Update on Dataviz Workshop 2

The class practised doing critiques on the famous Wind Map by Fernanda Viegas and Martin Wattenberg.


Click here for a real-time version of the map.

I selected this particular project because it is a heartless person indeed who does not see the "beauty" in this thing.

Beauty is a word that is thrown around a lot in data visualization circles. What do we mean by beauty?


The discussion was very successful and the most interesting points of discussion were these:

  • Something that is beautiful should take us to some truth.
  • If we take this same map but corrupt all the data (e.g. reverse all wind directions), is the map still beautiful?
  • What is the "truth" in this map? What is its utility?
  • The emotional side of beauty is separate from the information side.
  • "Truth" comes before the emotional side of beauty.

Readers: would love to hear what you think.


PS. Click here for class syllabus. Click here for first update.

Graph redesign is hot

Joe D., a long time reader, points us to a few blogs that have been active creating redesigns of charts, similar to how we do it here.

First up, here are some examples from Storytelling With Data (link).

This example transformed a grouped bar chart into a line chart, something that I have long advocated. I'm still waiting for the day when market research companies start to switch from bars to lines.

Stwd_Student Makeover 2


Jorge Camoes, also a long-time reader, produced a redesign of a chart on military spending first printed in Time magazine. (link)


Dual-axis plots have been pilloried here often, especially when the two axes have different and incompatible units, as in here. As usual, transforming to a scatter plot is a good first step, which is what Jorge has done here. He then connected the dots to indicate the time evolution of the relationship. This is a smart move here just because the pattern is so stark.

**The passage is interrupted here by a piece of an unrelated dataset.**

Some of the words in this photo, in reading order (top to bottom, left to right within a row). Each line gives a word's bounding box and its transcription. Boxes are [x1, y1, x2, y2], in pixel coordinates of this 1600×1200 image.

The chart now illustrates an "inflexion point" in 2000. Prior to 2000, troop size was decreasing while the budget was stable. After 2000, budget increased sharply while troop size remained relatively stable.

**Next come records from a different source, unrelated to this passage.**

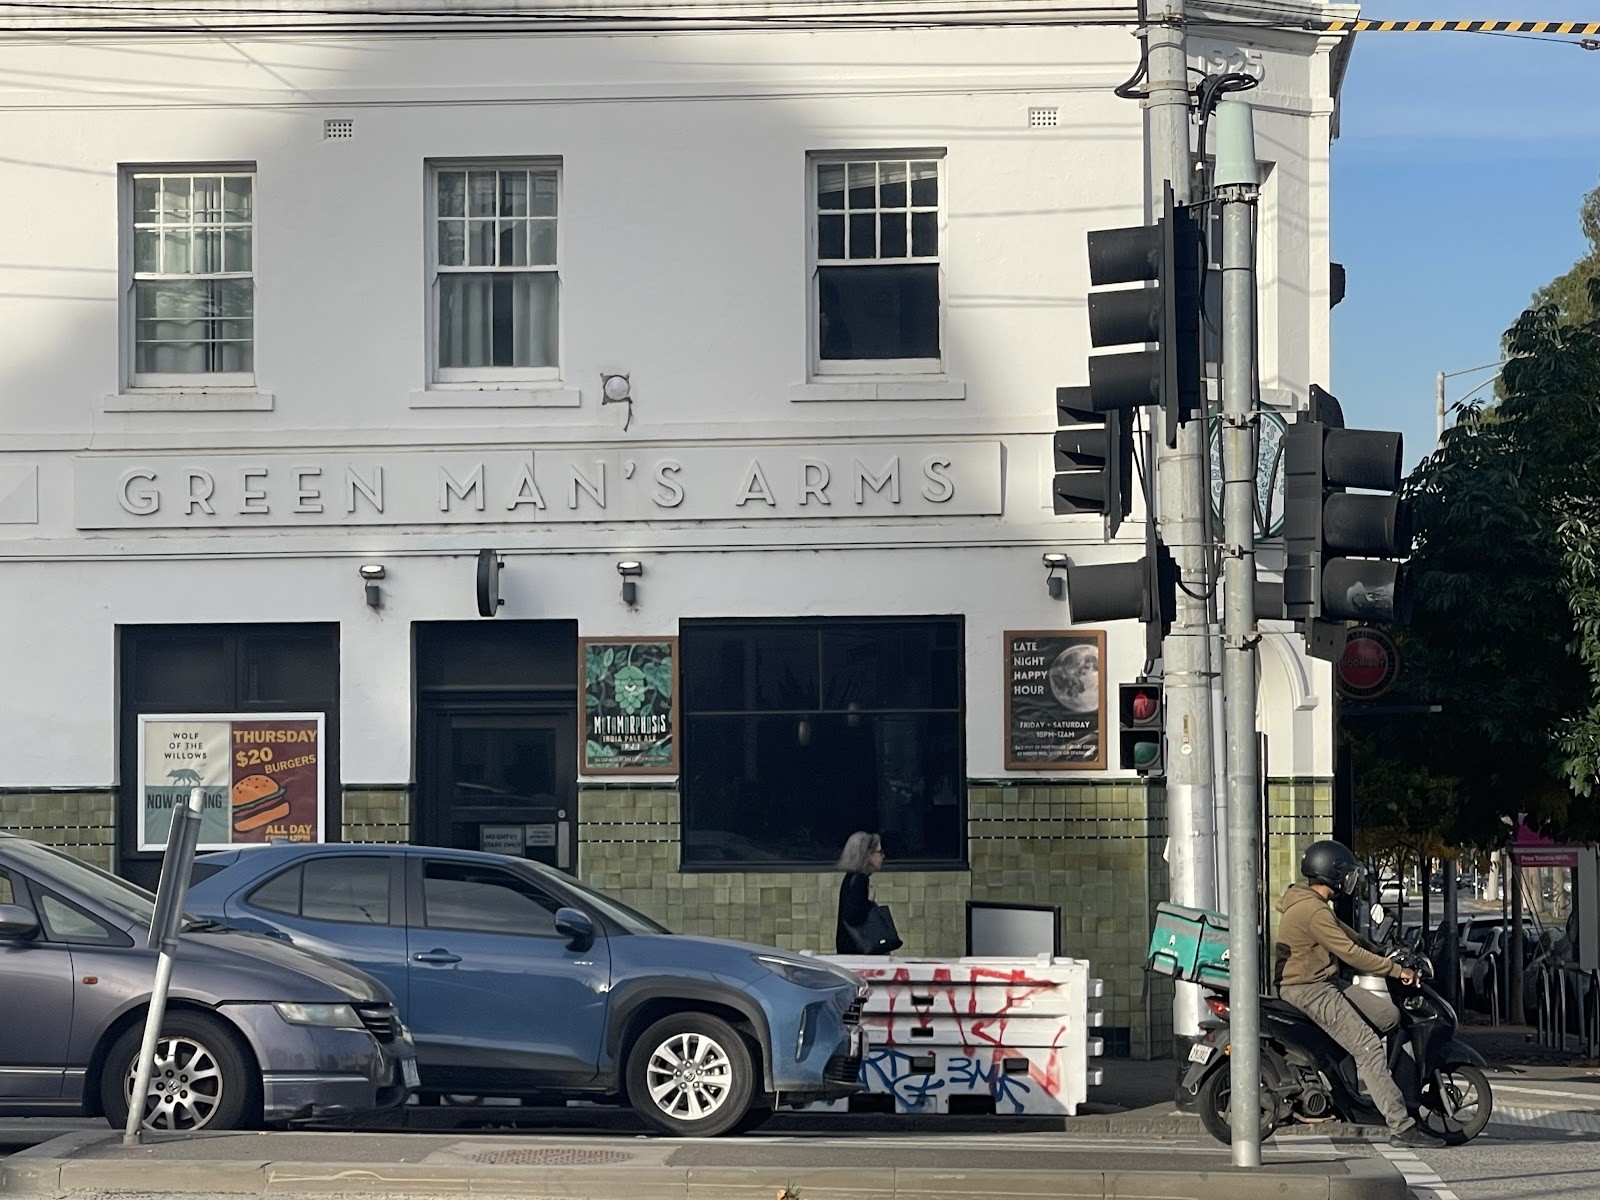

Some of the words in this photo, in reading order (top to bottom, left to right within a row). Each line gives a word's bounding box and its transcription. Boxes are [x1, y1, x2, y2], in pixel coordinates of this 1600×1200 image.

[118, 466, 384, 516] GREEN
[438, 460, 685, 511] MAN'S
[736, 456, 955, 506] ARMS
[1013, 642, 1038, 652] LATE
[1013, 656, 1045, 666] NIGHT
[1013, 670, 1048, 681] HAPPY
[1013, 685, 1045, 695] HOUR
[594, 714, 666, 734] METAMORPHOSIS
[1019, 721, 1046, 729] FRIDAY
[1052, 721, 1091, 729] SATURDAY
[172, 732, 200, 740] WOLF
[233, 730, 317, 744] THURSDAY
[602, 735, 622, 743] INDIA
[624, 735, 641, 743] PALE
[169, 742, 182, 750] OF
[184, 742, 204, 750] THE
[164, 752, 207, 760] WILLOWS
[235, 747, 273, 768] $20
[264, 754, 316, 774] BURGERS
[147, 794, 173, 809] NOW
[265, 824, 288, 834] ALL
[289, 824, 313, 834] DAY

Now peer back at the original chart. You can discern the sharp decrease in troop size over time, and the sharp increase in budget over time, but separately. The chart teases a cross-over point around 1995 which turned out to be misleading. This is a great illustration of why dual-axis plots are dangerous.

The state of charting software

Andrew Wheeler took the time to write code (in SPSS) to create the "Scariest Chart ever" (link). I previously wrote about my own attempt to remake the famous chart in grayscale. I complained that this is a chart that is easier to make in the much-maligned Excel paradigm, than in a statistical package: "I find it surprising how much work it would be to use standard tools like R to do this."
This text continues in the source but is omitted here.